**PROBLEM TO SOLVE**
Please return all records verbatim, no pictures.

╭─ GIVEN ENTRIES

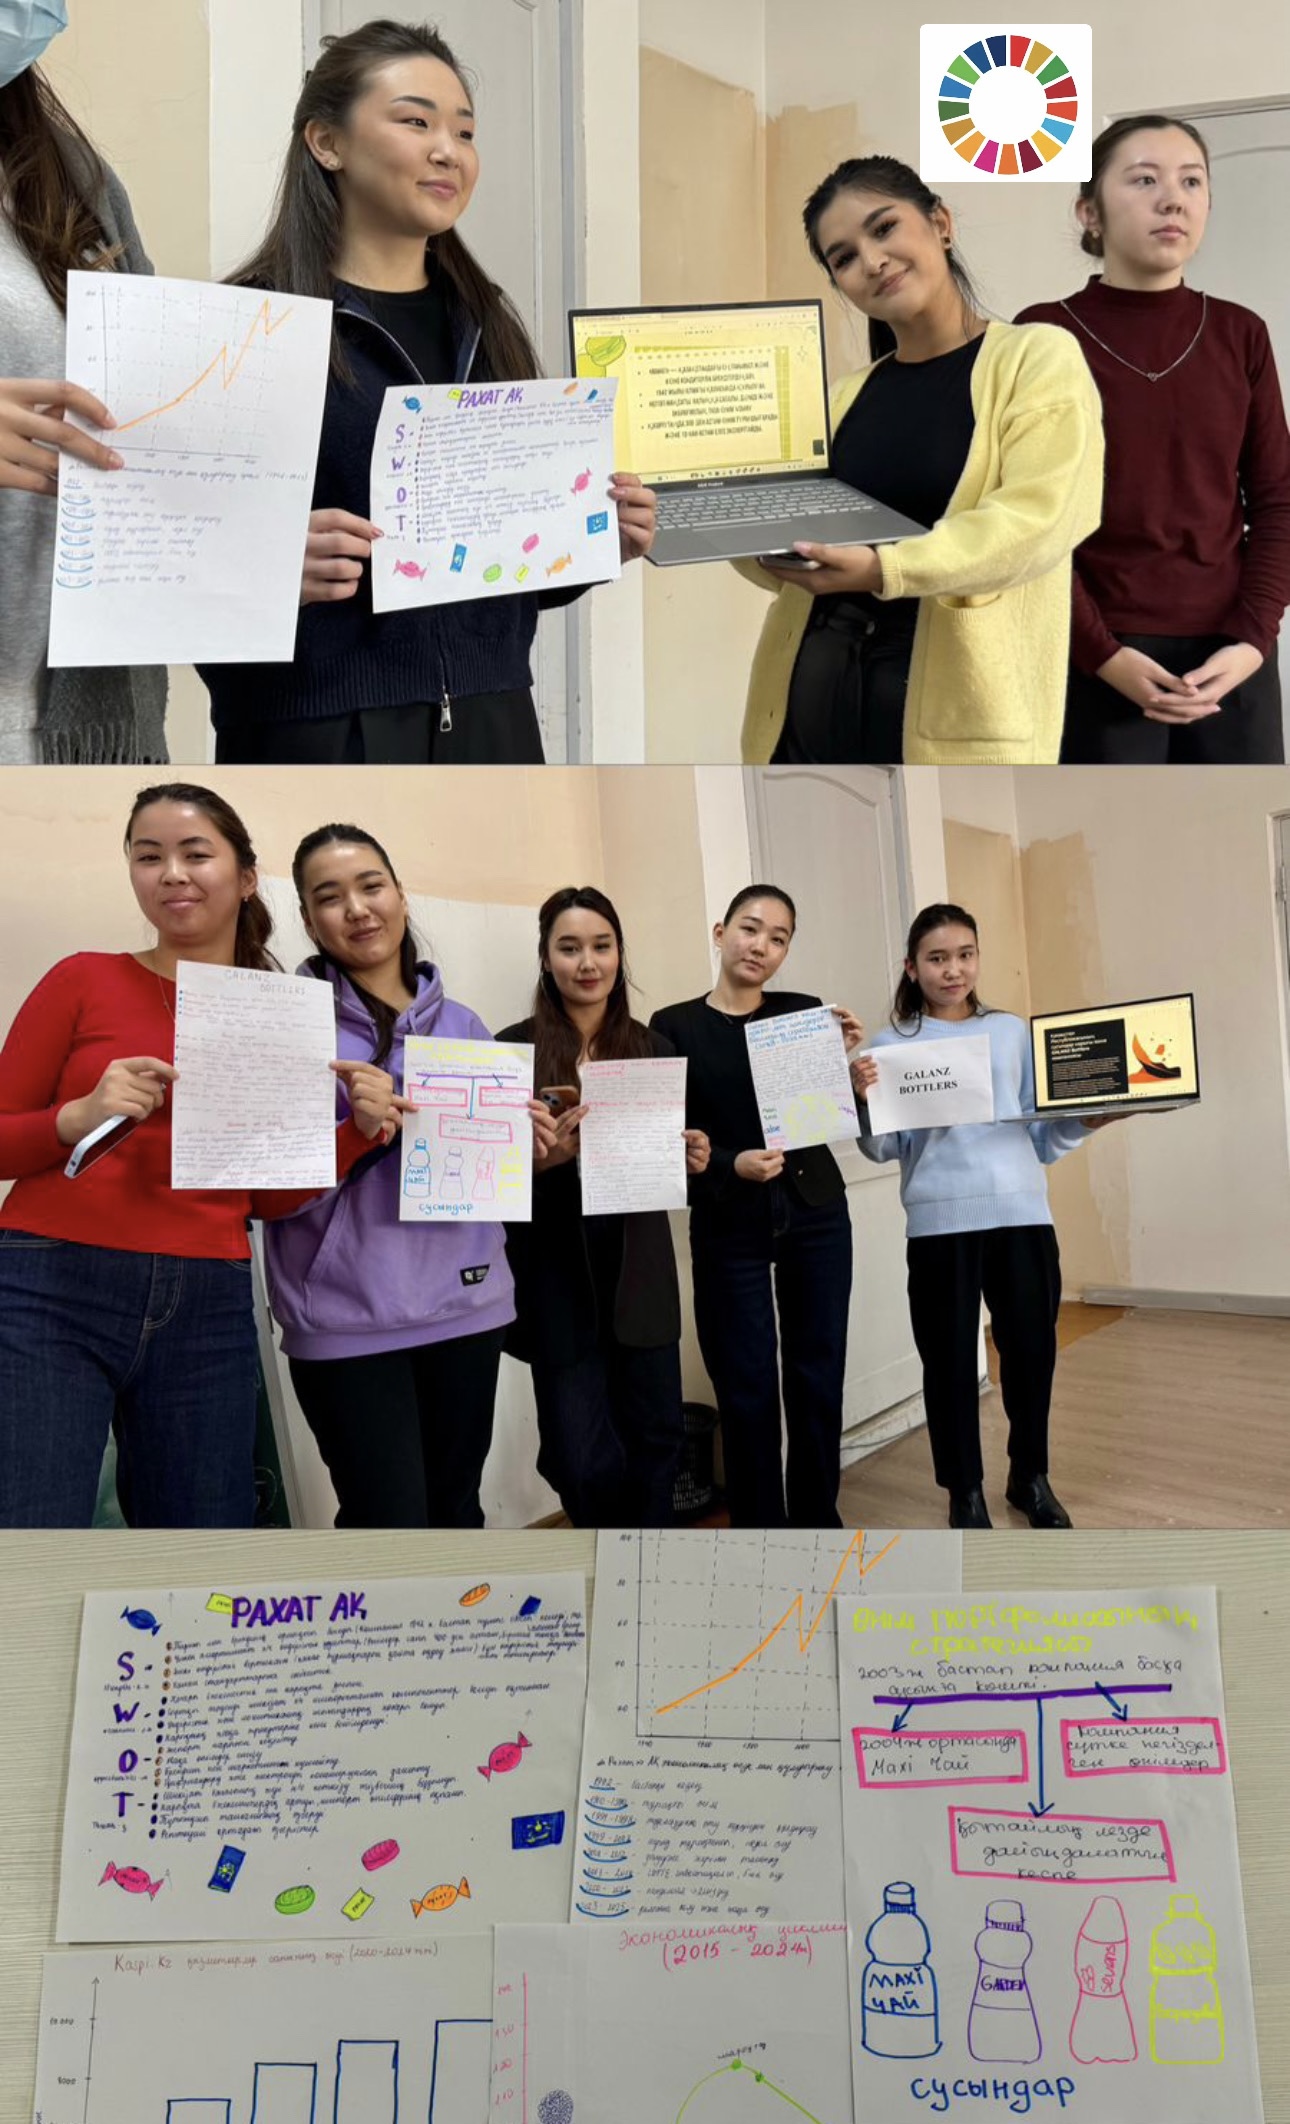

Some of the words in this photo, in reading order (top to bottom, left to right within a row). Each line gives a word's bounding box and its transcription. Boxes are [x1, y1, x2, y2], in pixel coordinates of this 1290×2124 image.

[457, 388, 503, 409] РАХАТ
[396, 424, 405, 444] S
[392, 456, 406, 470] W
[397, 487, 407, 503] O
[395, 514, 407, 532] T
[904, 1067, 951, 1080] GALANZ
[900, 1080, 958, 1095] BOTTLERS
[231, 1595, 322, 1629] РАХАТ
[329, 1591, 368, 1622] АҚ
[117, 1651, 134, 1682] S
[936, 1659, 1014, 1678] бастап
[1029, 1658, 1125, 1675] компания
[113, 1701, 140, 1724] W
[118, 1749, 138, 1773] O
[111, 1791, 134, 1818] T
[619, 1925, 757, 1951] Экономикалық
[872, 1991, 921, 2016] ЧАЙ
[910, 2075, 1077, 2114] сусындар
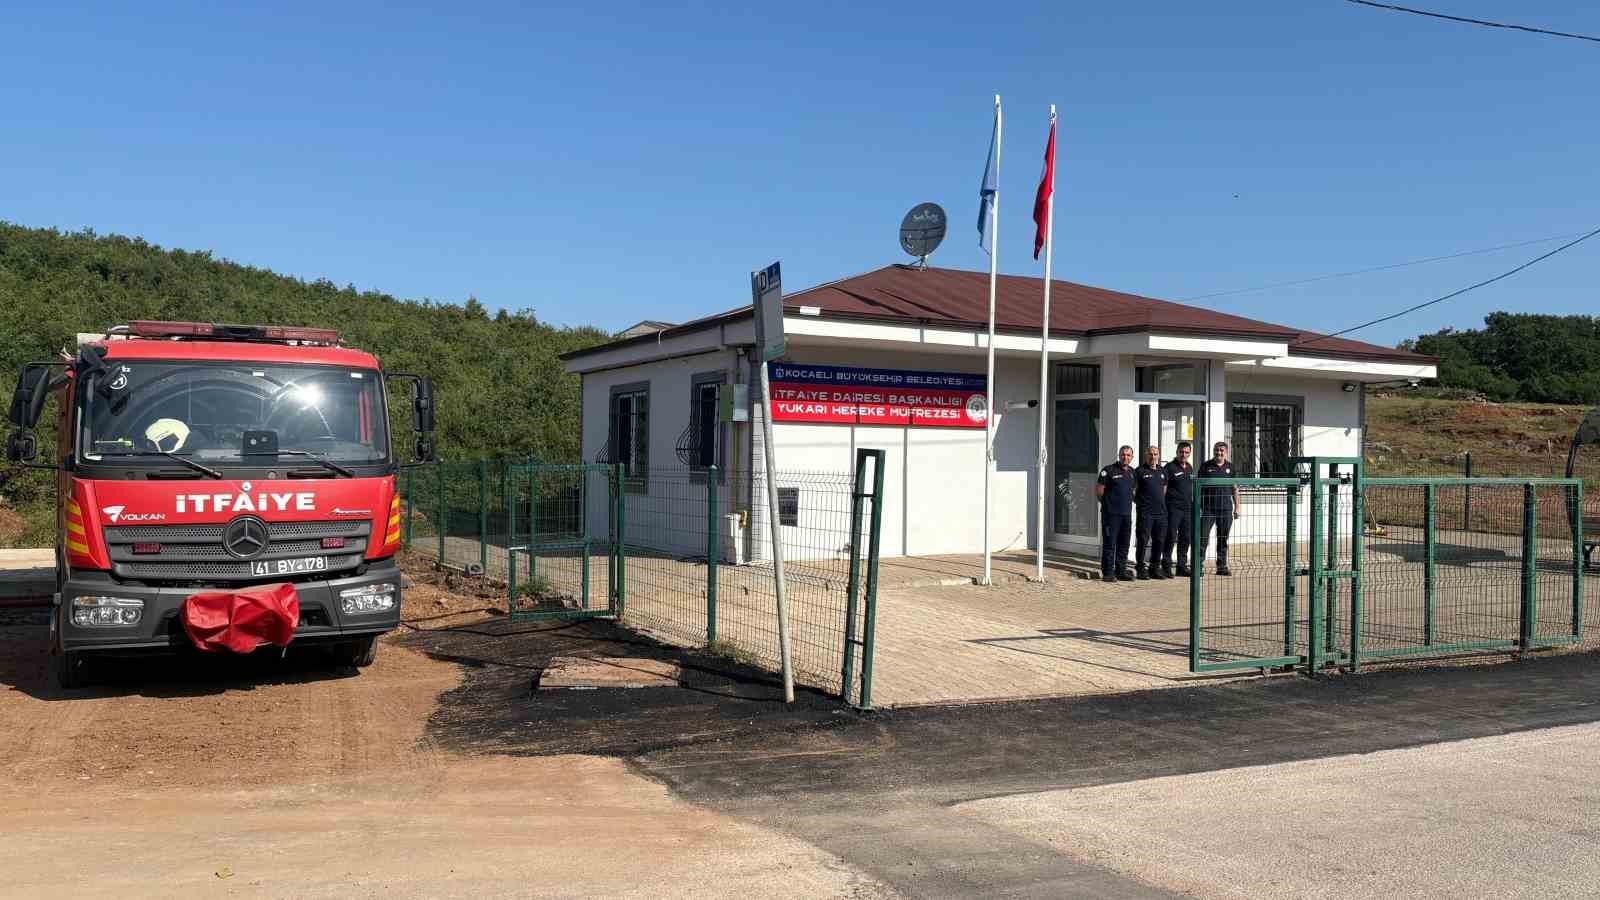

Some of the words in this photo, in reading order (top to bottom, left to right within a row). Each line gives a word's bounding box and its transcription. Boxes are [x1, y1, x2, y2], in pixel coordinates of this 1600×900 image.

[777, 403, 827, 414] YUKARI
[832, 405, 885, 416] HEREKE
[120, 513, 166, 521] VOLKAN
[256, 562, 268, 575] 41
[277, 560, 296, 573] BY
[304, 557, 324, 569] 178
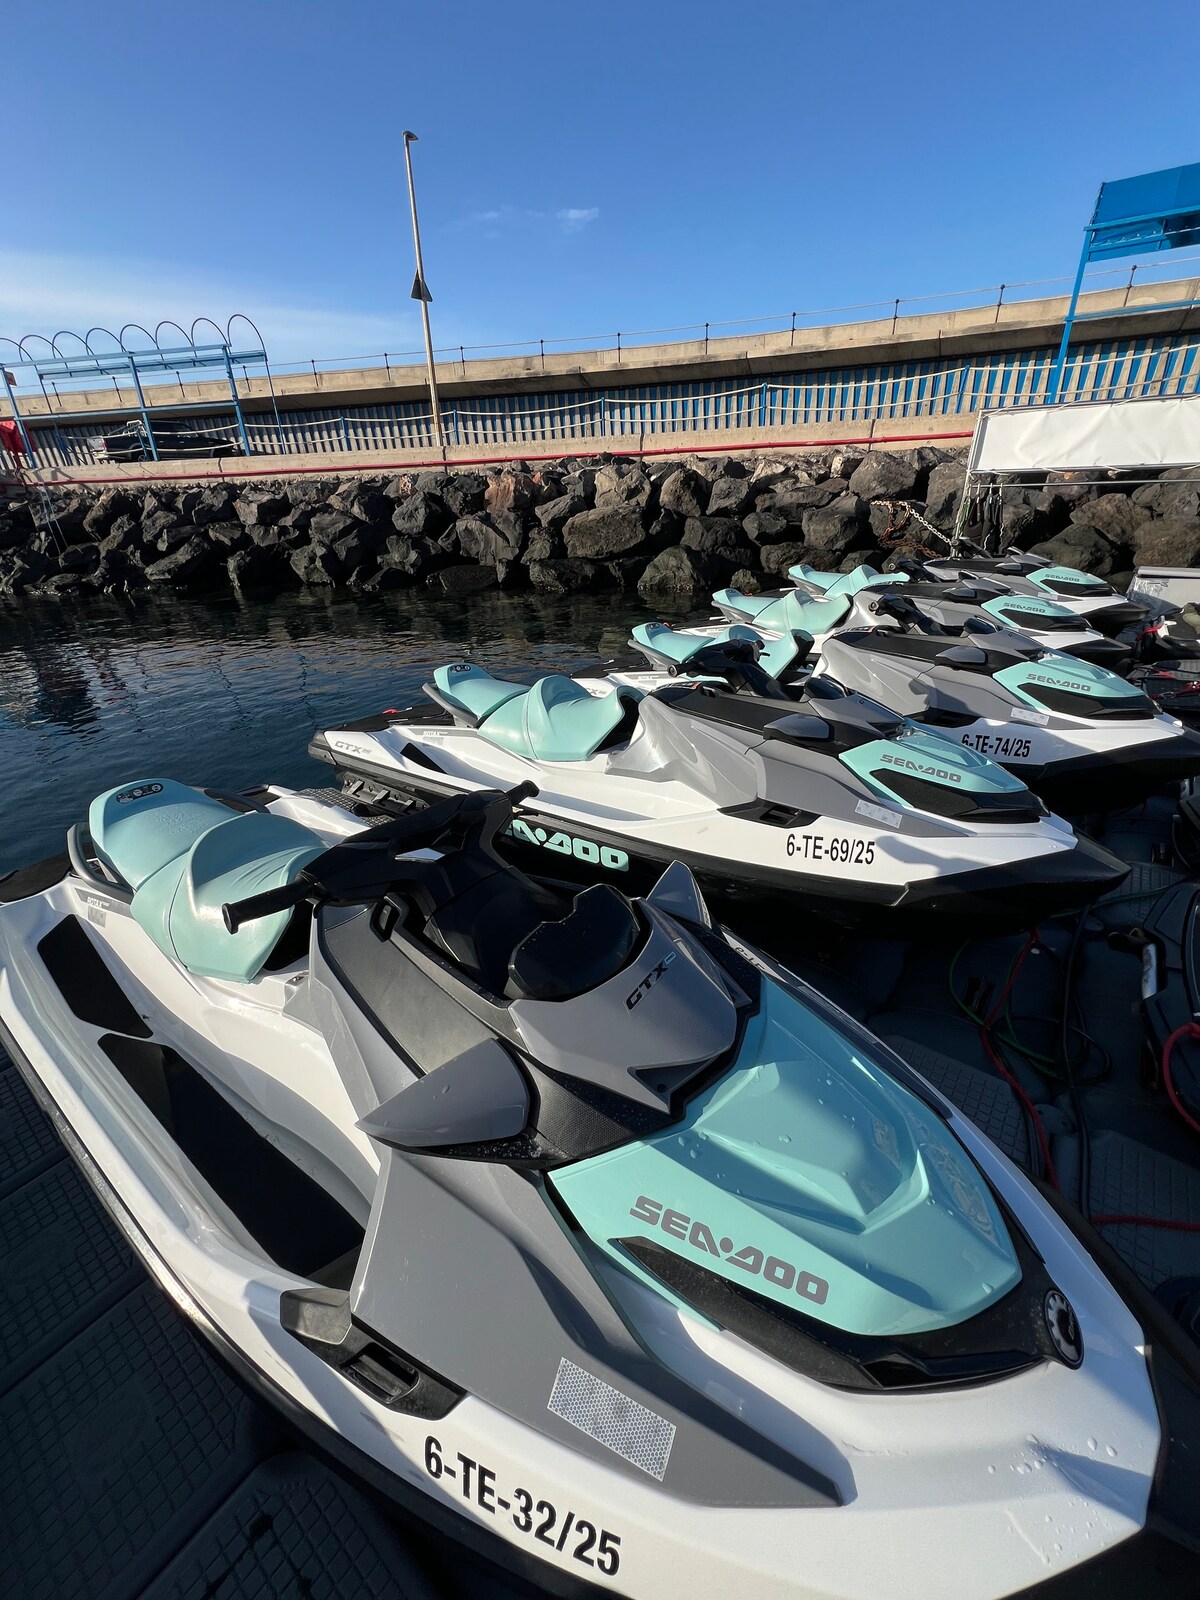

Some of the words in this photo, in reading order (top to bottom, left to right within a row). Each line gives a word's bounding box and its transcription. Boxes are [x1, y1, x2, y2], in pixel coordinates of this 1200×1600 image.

[786, 833, 875, 865] 6-TE-69/25
[625, 961, 669, 1011] GTX
[424, 1435, 622, 1577] 6-TE-32/25
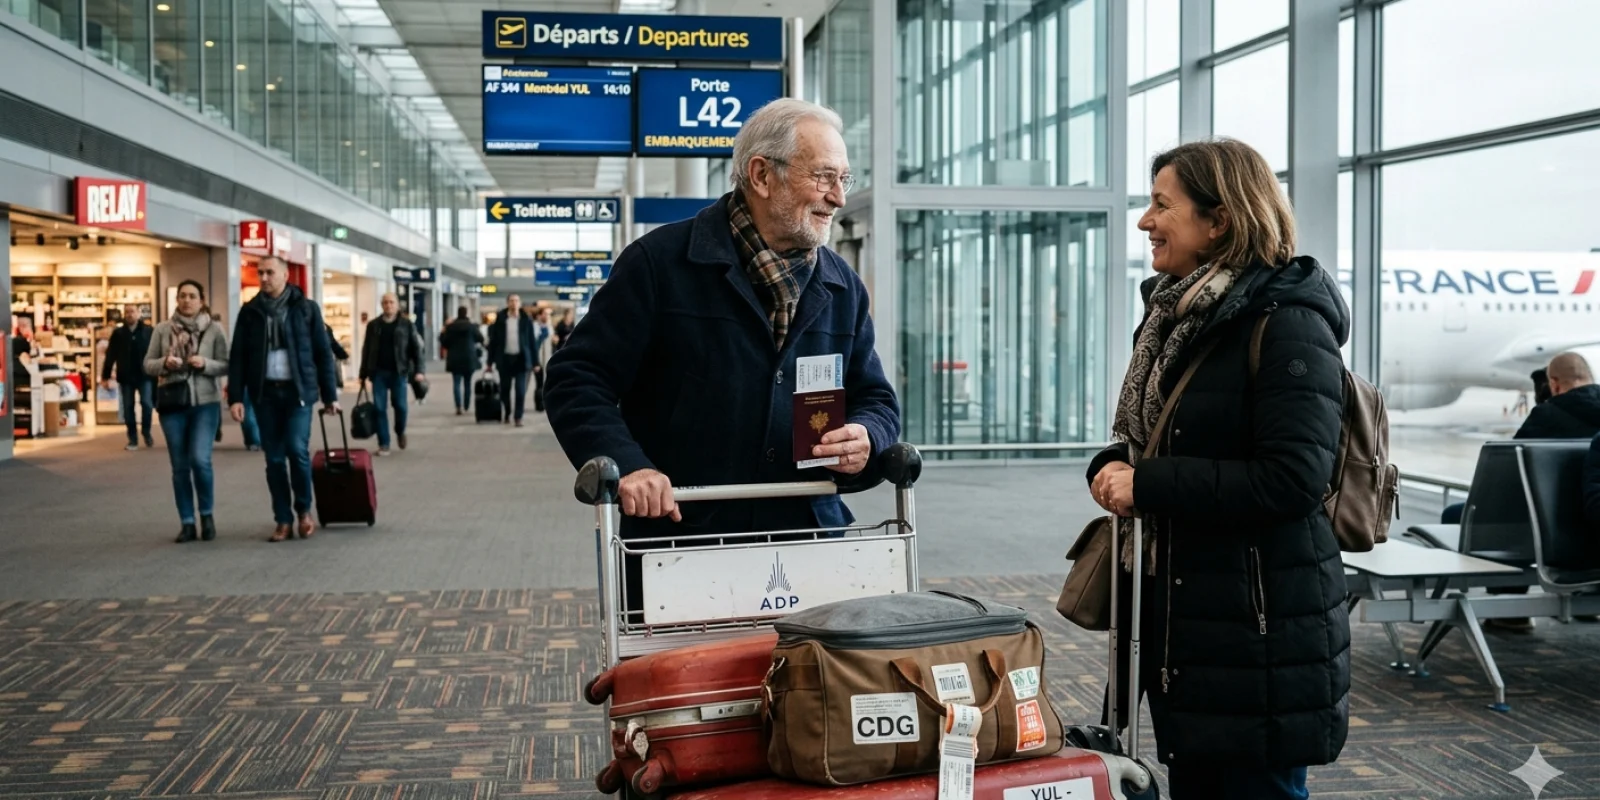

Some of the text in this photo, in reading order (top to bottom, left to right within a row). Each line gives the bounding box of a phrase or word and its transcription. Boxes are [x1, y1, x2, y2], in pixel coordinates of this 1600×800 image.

╰─

**RESPONSE AREA**
Some of the words in this photo, in reading order (top to bottom, left to right within a row). Each line gives a word's bounding box and its transcription. Boxes are [x1, y1, x2, y2], in pixel coordinates of this 1290×2124 image.

[457, 388, 503, 409] РАХАТ
[396, 424, 405, 444] S
[392, 456, 406, 470] W
[397, 487, 407, 503] O
[395, 514, 407, 532] T
[904, 1067, 951, 1080] GALANZ
[900, 1080, 958, 1095] BOTTLERS
[231, 1595, 322, 1629] РАХАТ
[329, 1591, 368, 1622] АҚ
[117, 1651, 134, 1682] S
[936, 1659, 1014, 1678] бастап
[1029, 1658, 1125, 1675] компания
[113, 1701, 140, 1724] W
[118, 1749, 138, 1773] O
[111, 1791, 134, 1818] T
[619, 1925, 757, 1951] Экономикалық
[872, 1991, 921, 2016] ЧАЙ
[910, 2075, 1077, 2114] сусындар

Some of the words in this photo, in reading order (top to bottom, left to right within a row). Each line gives a word's bounding box and its transcription. Boxes are [x1, y1, x2, y2], in pixel coordinates of this 1600×900 image.

[777, 403, 827, 414] YUKARI
[832, 405, 885, 416] HEREKE
[120, 513, 166, 521] VOLKAN
[256, 562, 268, 575] 41
[277, 560, 296, 573] BY
[304, 557, 324, 569] 178

Some of the words in this photo, in reading order (top to bottom, left to right within a row). Each line gives a word's bounding box and its transcription. Boxes are [x1, y1, x2, y2], in pixel coordinates of this 1200×1600 image.

[786, 833, 875, 865] 6-TE-69/25
[625, 961, 669, 1011] GTX
[424, 1435, 622, 1577] 6-TE-32/25

Some of the text in this photo, in reading order (top to bottom, left to right within a row). Each line gives the bounding box of a phrase or word and its transcription. Boxes are [x1, y1, x2, y2], in pixel coordinates of this 1600×800 image.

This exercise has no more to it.